From the Archive: Fascism is not our only scourge


“We must teach the anti-racists to be anti-fascists, and the anti-fascists to be anti-racists” – Maurice Ludmer

It was not a jackboot on his neck that suffocated George Floyd in Minneapolis, nor a statue of a Blackshirt torn down in Bristol. Fascism, after all, is not our only scourge. These events exemplify how racism remains deeply embedded in our society and not just confined to Klansmen or nazis. They were reminders of how it is allowed to suffuse our institutions, be in plain sight on our streets, and be enacted in our actions day-to-day, by the far more insidious concoction of privilege, ignorance and prejudice that reaches across society.

With estimates that the protests sparked by Floyd’s murder have been the largest in the history of the USA and with support around the world, we are bearing witness to discussions and actions around institutional racism and reflections on histories of colonialism that are, in some ways, unprecedented. All this against a backdrop of a pandemic that has added insult to injury, as non-white lives have, through existing health inequalities compounding COVID’s spread, been disproportionately hit.

The response from the far right, in political office, online and on the streets to this mass movement has been predictable but whilst their campaigns, harassment and violence continue to be a stain on society, these are never the full measure of hate, as Floyd’s death itself ought to remind us. Despite this, those opposing the far right and those opposing racism’s societal and systemic manifestations can at times drift apart or rightly be accused of ignoring the other.

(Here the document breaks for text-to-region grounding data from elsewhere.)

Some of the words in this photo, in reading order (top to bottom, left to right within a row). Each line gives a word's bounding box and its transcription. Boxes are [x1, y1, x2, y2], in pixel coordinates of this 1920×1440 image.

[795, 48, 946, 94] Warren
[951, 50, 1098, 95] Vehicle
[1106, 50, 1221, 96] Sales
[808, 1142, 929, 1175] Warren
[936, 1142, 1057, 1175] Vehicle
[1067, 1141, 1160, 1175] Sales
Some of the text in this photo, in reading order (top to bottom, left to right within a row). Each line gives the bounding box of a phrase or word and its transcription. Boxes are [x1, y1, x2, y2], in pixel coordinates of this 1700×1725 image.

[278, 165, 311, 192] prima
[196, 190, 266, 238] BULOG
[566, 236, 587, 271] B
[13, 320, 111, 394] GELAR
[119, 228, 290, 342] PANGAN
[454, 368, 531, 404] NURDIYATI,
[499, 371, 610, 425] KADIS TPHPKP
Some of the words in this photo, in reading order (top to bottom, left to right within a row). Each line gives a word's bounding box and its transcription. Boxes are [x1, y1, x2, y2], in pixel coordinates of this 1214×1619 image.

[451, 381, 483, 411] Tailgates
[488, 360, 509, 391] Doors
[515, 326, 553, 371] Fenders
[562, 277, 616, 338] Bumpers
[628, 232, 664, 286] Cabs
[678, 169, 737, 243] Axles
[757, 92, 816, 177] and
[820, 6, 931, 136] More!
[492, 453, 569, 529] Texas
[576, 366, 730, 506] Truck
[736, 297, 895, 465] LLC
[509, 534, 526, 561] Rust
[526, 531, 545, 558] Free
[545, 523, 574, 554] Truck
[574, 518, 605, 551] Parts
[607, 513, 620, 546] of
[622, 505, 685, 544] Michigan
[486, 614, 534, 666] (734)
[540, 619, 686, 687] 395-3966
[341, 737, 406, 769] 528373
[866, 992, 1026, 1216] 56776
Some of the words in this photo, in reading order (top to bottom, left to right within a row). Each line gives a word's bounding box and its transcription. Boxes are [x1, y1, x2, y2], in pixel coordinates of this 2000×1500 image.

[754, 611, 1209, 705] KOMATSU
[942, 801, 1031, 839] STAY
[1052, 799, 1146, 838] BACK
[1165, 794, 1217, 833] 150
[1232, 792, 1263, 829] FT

In the present circumstances, it is the anti-fascist movement which must listen to those rallying under the banner of Black Lives Matter, and consider how it can better infuse the fight against wider societal racism into its work. Part of this should involve reflecting on and listening to voices from the past who have attempted this before, and HOPE not hate’s archive collection of the anti-racist/anti-fascist magazine ‘Campaign Against Racism and Fascism’ allows us to do just this.

The Campaign Against Racism and Fascism

Britain in the 1970s was no stranger to racism or fascism. This was the era in which violent ‘P*ki-bashing’ and violence against ethnic minorities as a whole grew but without matched protection; a period in which, as a Runnymede Trust report describes, “it was clear that black people, and minority ethnic communities more generally, were ‘over-policed but under-protected’”.[1] Alongside this the fascist National Front (NF), under the leadership of John Tyndall, was growing, culminating in the 1979 election which saw them stand an unprecedented 303 candidates.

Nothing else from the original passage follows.